[SUPPLIED RECORDS]
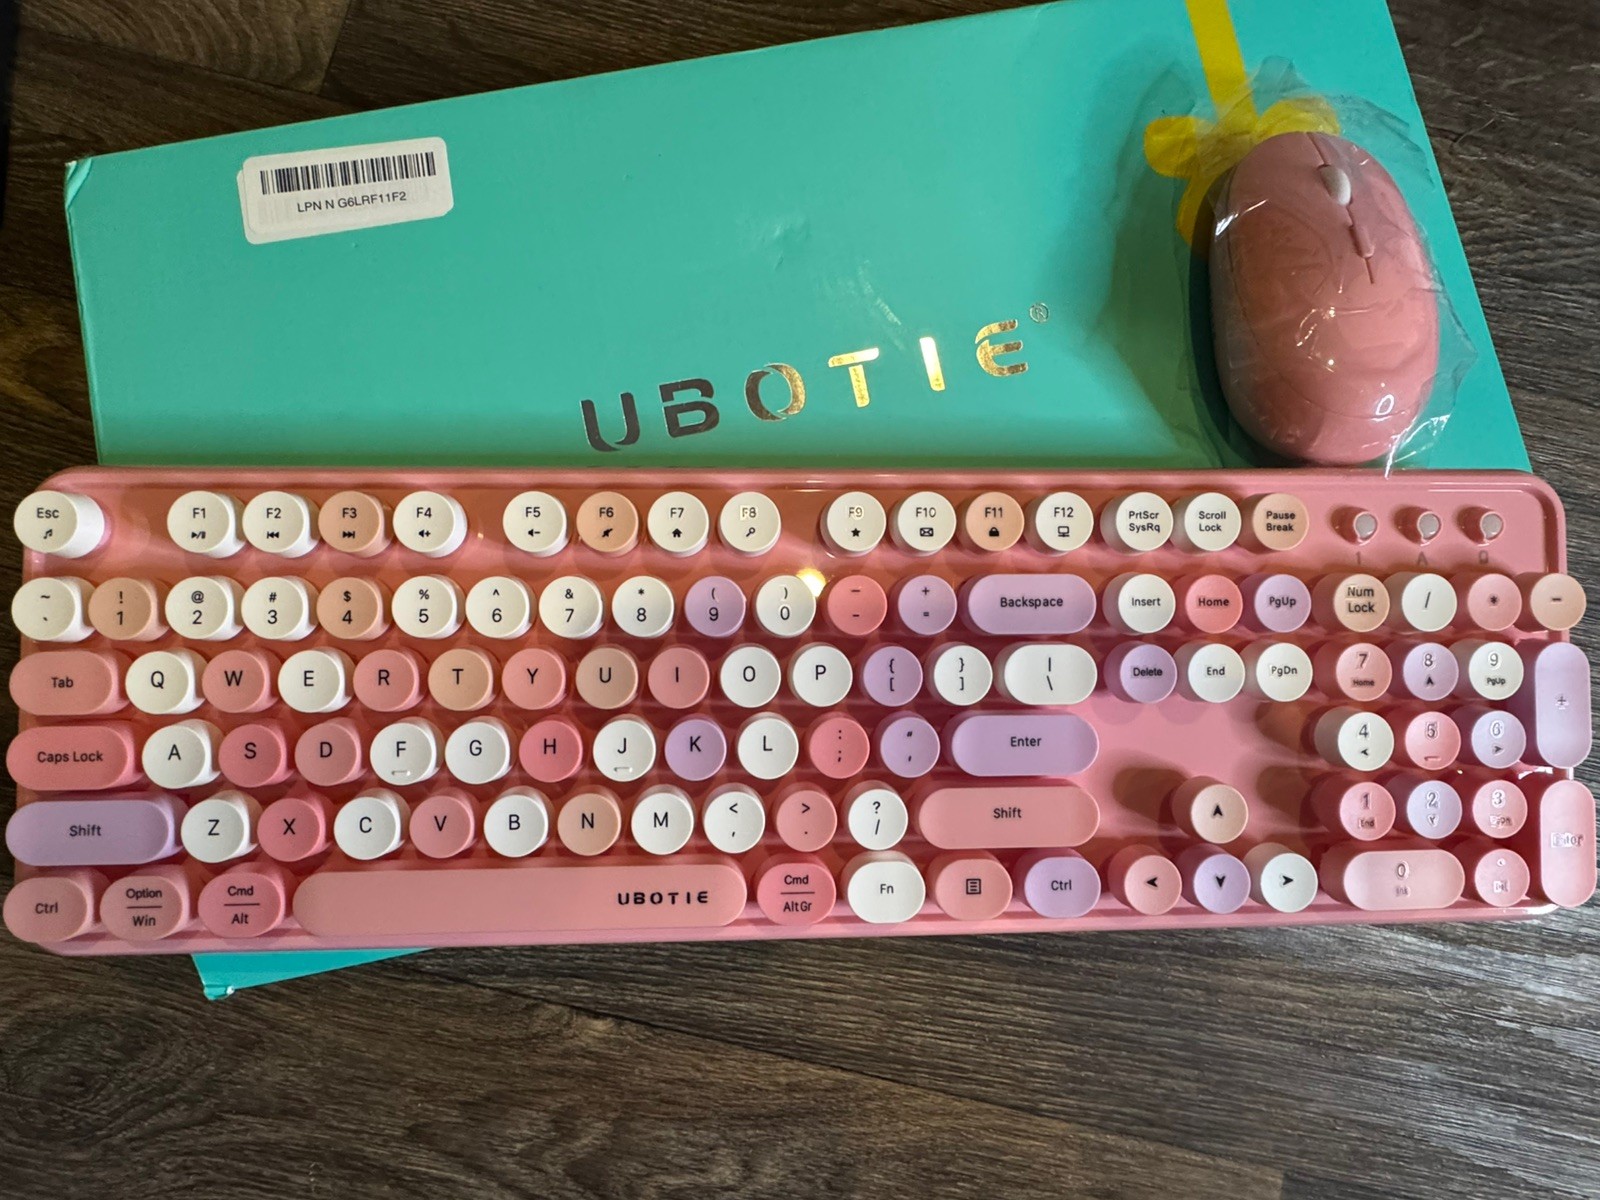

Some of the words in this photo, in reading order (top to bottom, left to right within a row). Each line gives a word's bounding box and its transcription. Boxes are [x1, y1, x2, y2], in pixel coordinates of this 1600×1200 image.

[297, 200, 321, 212] LPN
[325, 200, 335, 209] N
[338, 191, 406, 208] G6LRF11F2
[580, 319, 1028, 452] UBOTIE
[37, 508, 59, 519] Esc
[193, 508, 205, 518] F1
[267, 508, 281, 519] F2
[343, 508, 357, 518] F3
[417, 507, 431, 518] F4
[526, 507, 540, 517] F5
[600, 507, 614, 518] F6
[671, 508, 684, 518] F7
[743, 507, 756, 518] F8
[849, 507, 862, 517] F9
[916, 507, 936, 518] F10
[985, 507, 1002, 517] F11
[1054, 507, 1073, 517] F12
[1129, 511, 1159, 519] PrtScr
[1199, 511, 1226, 520] Scroll
[1267, 511, 1295, 520] Pause
[1129, 523, 1160, 533] SysRq
[1199, 524, 1222, 532] Lock
[1267, 523, 1293, 531] Break
[1348, 587, 1374, 597] Num
[1000, 597, 1063, 609] Backspace
[1132, 598, 1160, 606] Insert
[1199, 598, 1229, 606] Home
[1270, 597, 1296, 608] PgUp
[1349, 602, 1375, 612] Lock
[117, 611, 123, 625] 1
[193, 610, 202, 624] 2
[268, 610, 277, 624] 3
[342, 610, 352, 624] 4
[419, 609, 429, 623] 5
[492, 608, 502, 622] 6
[566, 609, 574, 622] 7
[637, 608, 646, 622] 8
[709, 607, 718, 621] 9
[780, 606, 790, 620] 0
[1359, 653, 1367, 668] 7
[1425, 653, 1433, 667] 8
[1490, 653, 1498, 666] 9
[224, 670, 243, 686] W
[379, 669, 389, 685] R
[452, 669, 464, 684] T
[527, 668, 538, 684] Y
[600, 667, 611, 683] U
[743, 666, 755, 682] O
[816, 665, 826, 680] P
[1133, 668, 1163, 676] Delete
[1207, 667, 1225, 675] End
[1272, 666, 1297, 677] PgDn
[51, 677, 73, 688] Tab
[151, 671, 164, 689] Q
[304, 671, 314, 686] E
[1359, 724, 1368, 738] 4
[1427, 723, 1436, 738] 5
[1493, 723, 1500, 736] 6
[397, 741, 406, 757] F
[470, 740, 482, 756] G
[544, 738, 556, 754] H
[618, 738, 626, 754] J
[690, 736, 701, 752] K
[763, 736, 772, 751] L
[1011, 737, 1041, 747] Enter
[168, 744, 181, 760] A
[245, 742, 256, 759] S
[320, 742, 332, 758] D
[38, 751, 69, 764] Caps
[73, 751, 103, 762] Lock
[1363, 793, 1369, 809] 1
[1429, 793, 1438, 808] 2
[1494, 791, 1503, 805] 3
[654, 812, 668, 827] M
[994, 807, 1021, 818] Shift
[208, 819, 219, 836] Z
[283, 818, 295, 835] X
[360, 817, 372, 833] C
[434, 816, 447, 831] V
[509, 814, 520, 830] B
[582, 813, 594, 828] N
[70, 825, 101, 837] Shift
[1397, 863, 1405, 877] 0
[784, 875, 809, 885] Cmd
[1051, 880, 1071, 891] Ctrl
[126, 888, 162, 900] Option
[228, 886, 253, 896] Cmd
[880, 884, 893, 894] Fn
[618, 891, 707, 905] UBOTIE
[35, 902, 58, 914] Ctrl
[133, 916, 156, 926] Win
[232, 913, 248, 924] Alt

[WORK REQUIRED] How many of the lines above contain the string "UBOTIE"? Give the count alone.

[RESULT OF THIS EXERCISE] 2